[Working data Boundary: Start]

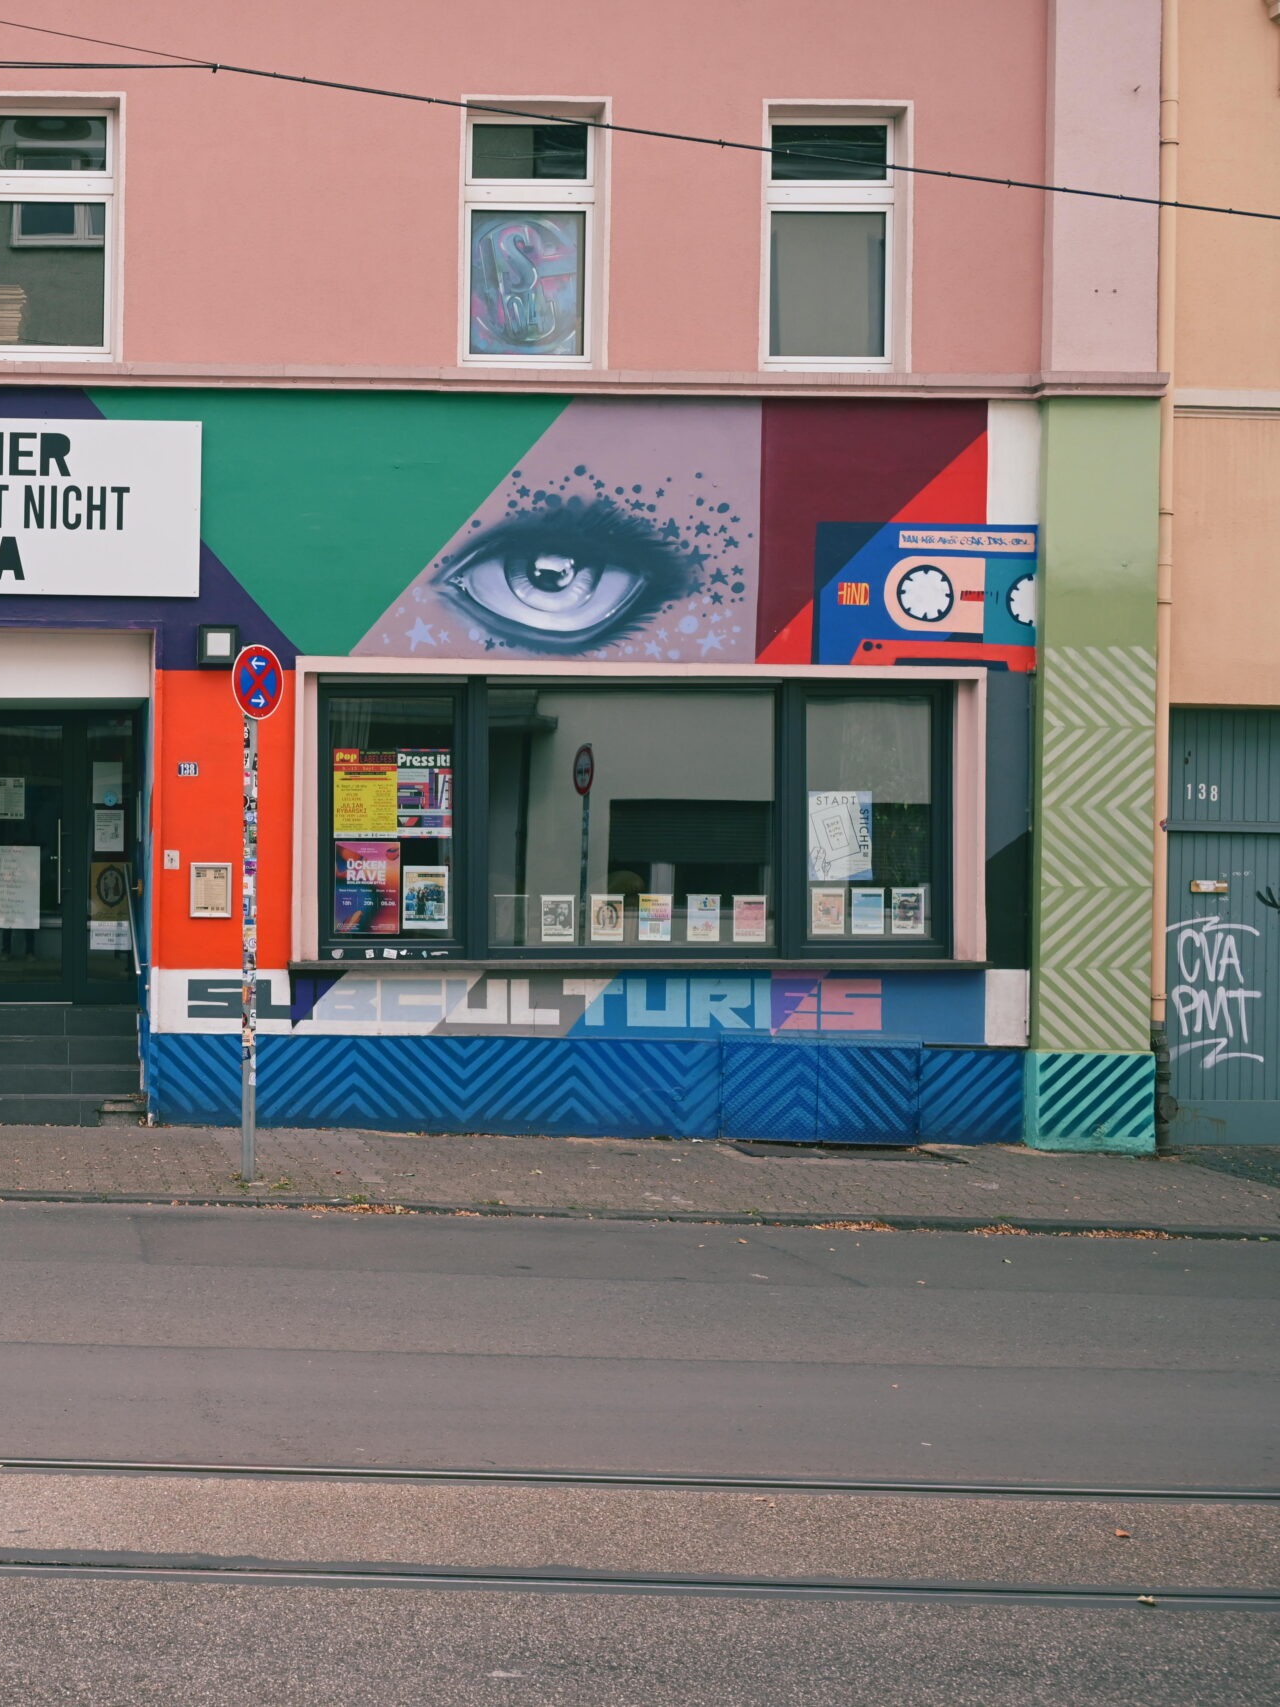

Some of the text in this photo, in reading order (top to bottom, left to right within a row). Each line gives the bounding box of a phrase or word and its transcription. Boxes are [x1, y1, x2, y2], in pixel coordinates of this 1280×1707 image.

[23, 484, 130, 530] NICHT
[336, 752, 357, 762] Pop
[397, 753, 450, 767] Press it!
[180, 763, 195, 774] 138
[1187, 783, 1218, 801] 138
[816, 796, 856, 806] STADT
[859, 808, 869, 850] STICHE
[346, 858, 386, 869] ÜCKEN
[346, 869, 386, 881] RAVE
[1177, 928, 1244, 983] CVA
[188, 978, 882, 1031] SUBCULTURES
[1171, 985, 1262, 1044] PMT

[Working data Boundary: End]

Problem: Retype everything in the entries exactly except the pictures.

Written answer:
Some of the text in this photo, in reading order (top to bottom, left to right within a row). Each line gives the bounding box of a phrase or word and its transcription. Boxes are [x1, y1, x2, y2], in pixel coordinates of this 1280×1707 image.

[23, 484, 130, 530] NICHT
[336, 752, 357, 762] Pop
[397, 753, 450, 767] Press it!
[180, 763, 195, 774] 138
[1187, 783, 1218, 801] 138
[816, 796, 856, 806] STADT
[859, 808, 869, 850] STICHE
[346, 858, 386, 869] ÜCKEN
[346, 869, 386, 881] RAVE
[1177, 928, 1244, 983] CVA
[188, 978, 882, 1031] SUBCULTURES
[1171, 985, 1262, 1044] PMT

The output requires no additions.